*** Opening of INFORMATION SUPPLIED ***

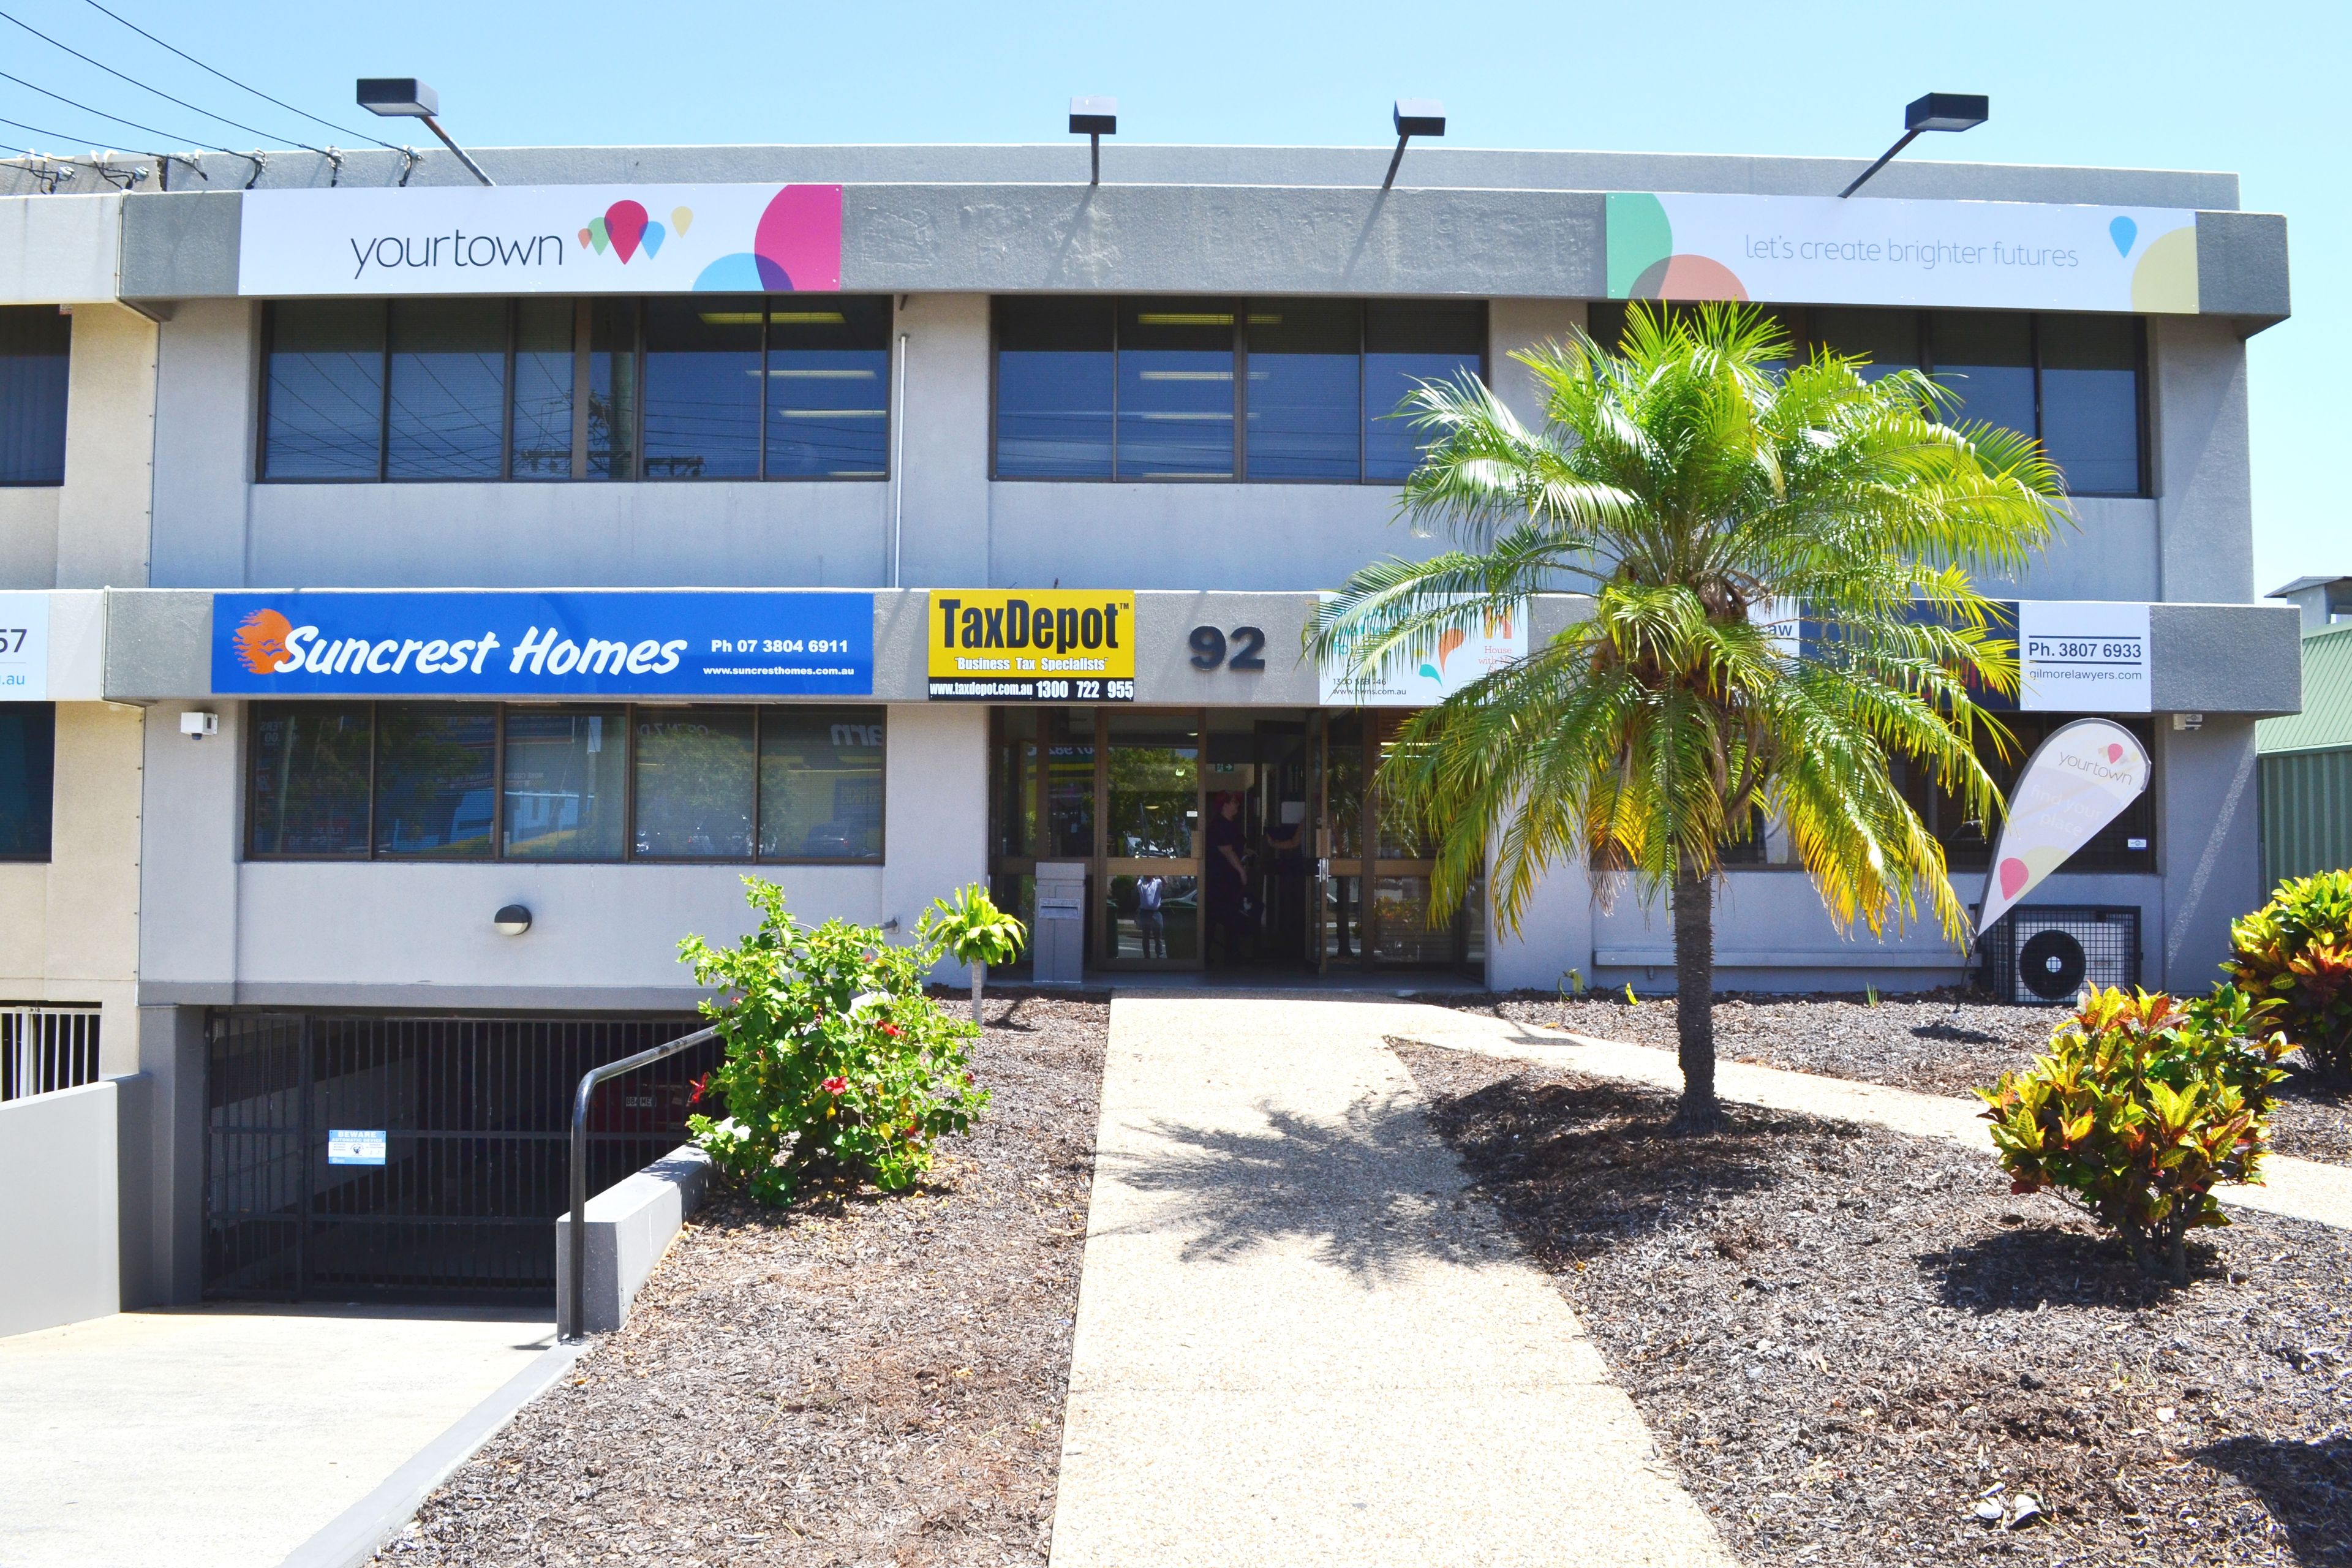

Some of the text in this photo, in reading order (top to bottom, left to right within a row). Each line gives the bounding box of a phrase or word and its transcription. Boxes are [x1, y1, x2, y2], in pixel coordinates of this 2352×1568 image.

[350, 228, 564, 280] yourtown
[1746, 235, 2079, 270] let's create brighter futures
[939, 598, 1120, 654] TaxDepot
[273, 625, 688, 675] Suncrest Homes
[711, 639, 848, 653] Ph 07 3804 6911
[1189, 625, 1266, 672] 92
[2029, 642, 2141, 658] Ph. 3807 6933
[703, 666, 854, 675] www.suncresthomes.com.au
[1015, 657, 1036, 670] Tax
[1478, 656, 1497, 665] with
[0, 674, 25, 685] .au
[2029, 669, 2142, 682] gilmorelawyers.com
[929, 680, 1133, 699] www.taxdepot.com.au 1300 722 955
[2058, 752, 2132, 786] yourtown
[2030, 784, 2103, 820] find your
[2039, 813, 2083, 837] place
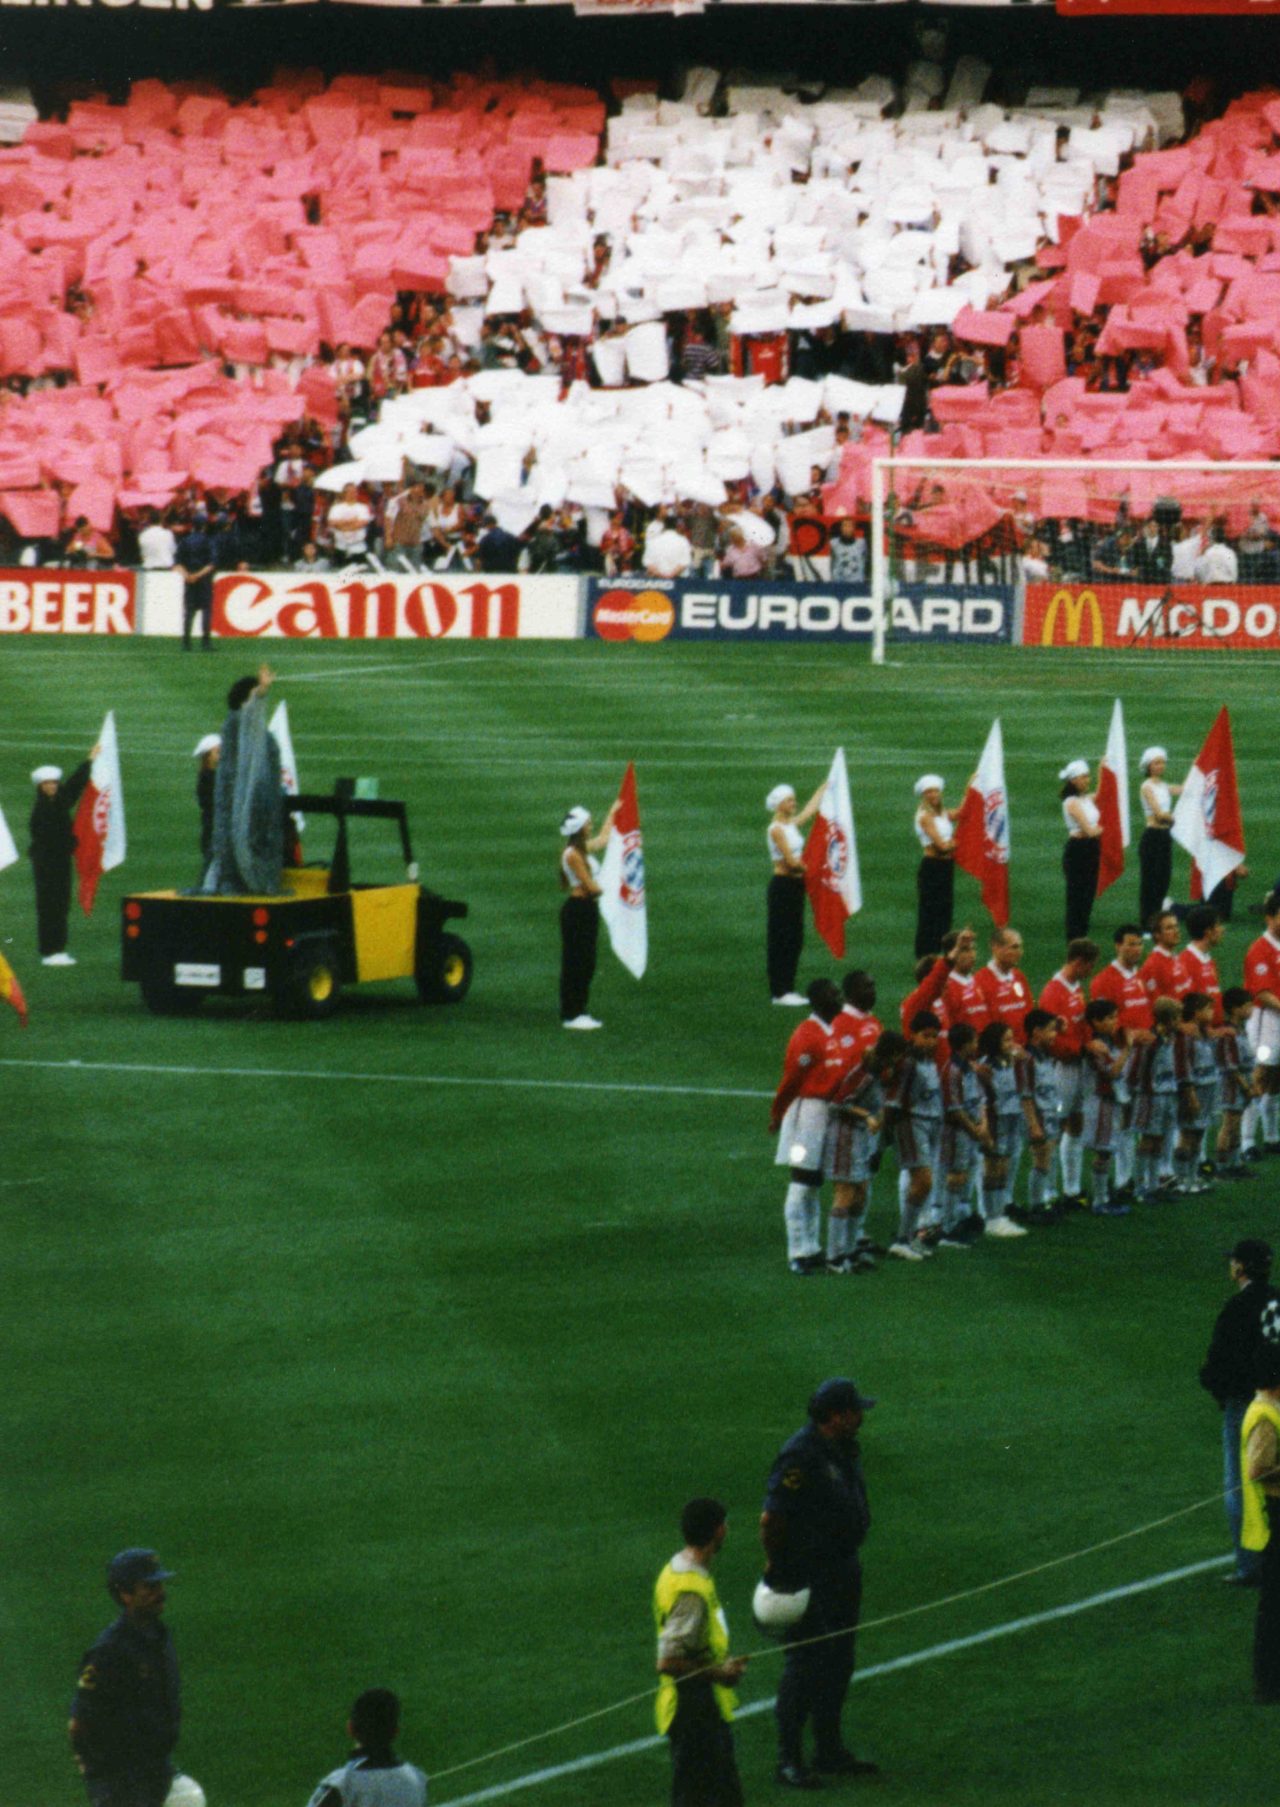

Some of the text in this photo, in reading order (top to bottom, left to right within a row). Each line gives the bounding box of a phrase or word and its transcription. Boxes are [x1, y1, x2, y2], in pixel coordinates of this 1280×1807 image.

[0, 581, 133, 634] BEER
[211, 575, 520, 638] Canon
[681, 593, 1004, 634] EUROCARD
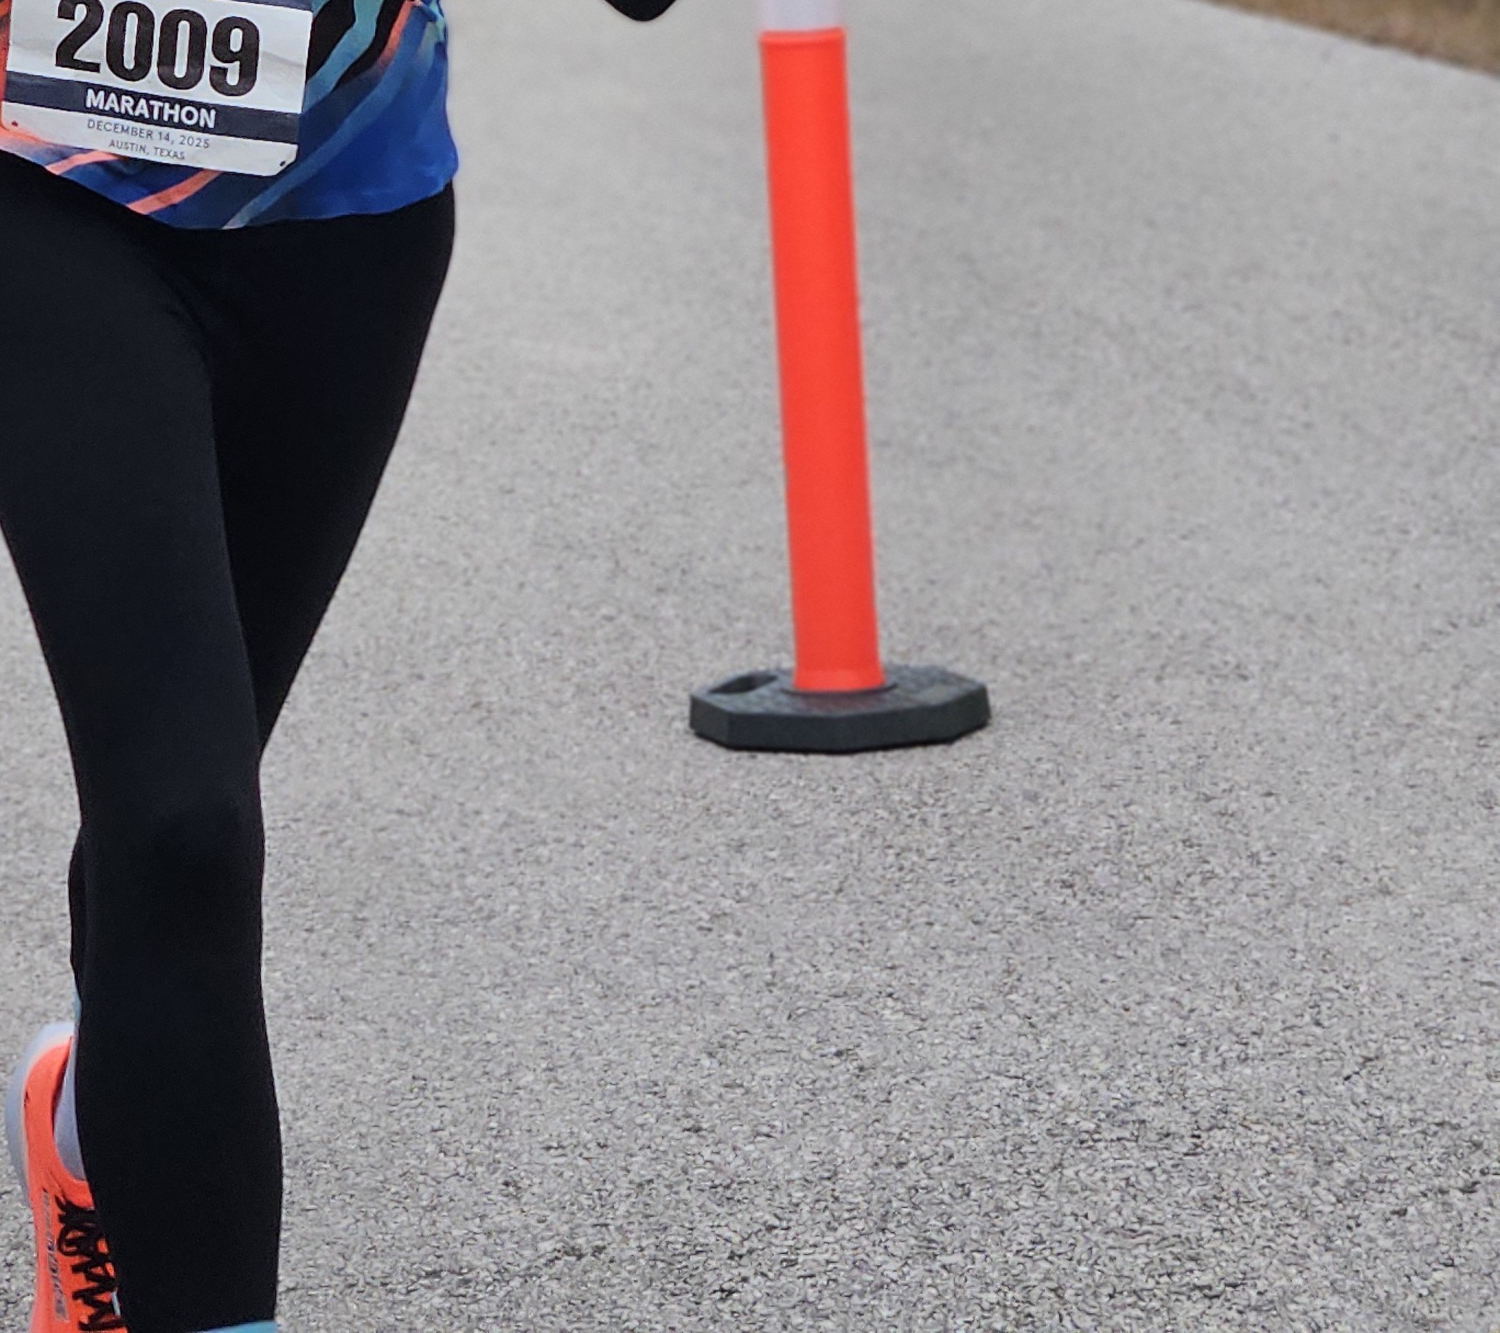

*** Close of INFORMATION SUPPLIED ***

Which lines run from the one holding "this 1280×1807 image." through the end of the records? Reproduce them word for word, both ends included, with no pictures.

Some of the text in this photo, in reading order (top to bottom, left to right within a row). Each line gives the bounding box of a phrase or word and its transcription. Boxes are [x1, y1, x2, y2], in pixel coordinates of this 1280×1807 image.

[0, 581, 133, 634] BEER
[211, 575, 520, 638] Canon
[681, 593, 1004, 634] EUROCARD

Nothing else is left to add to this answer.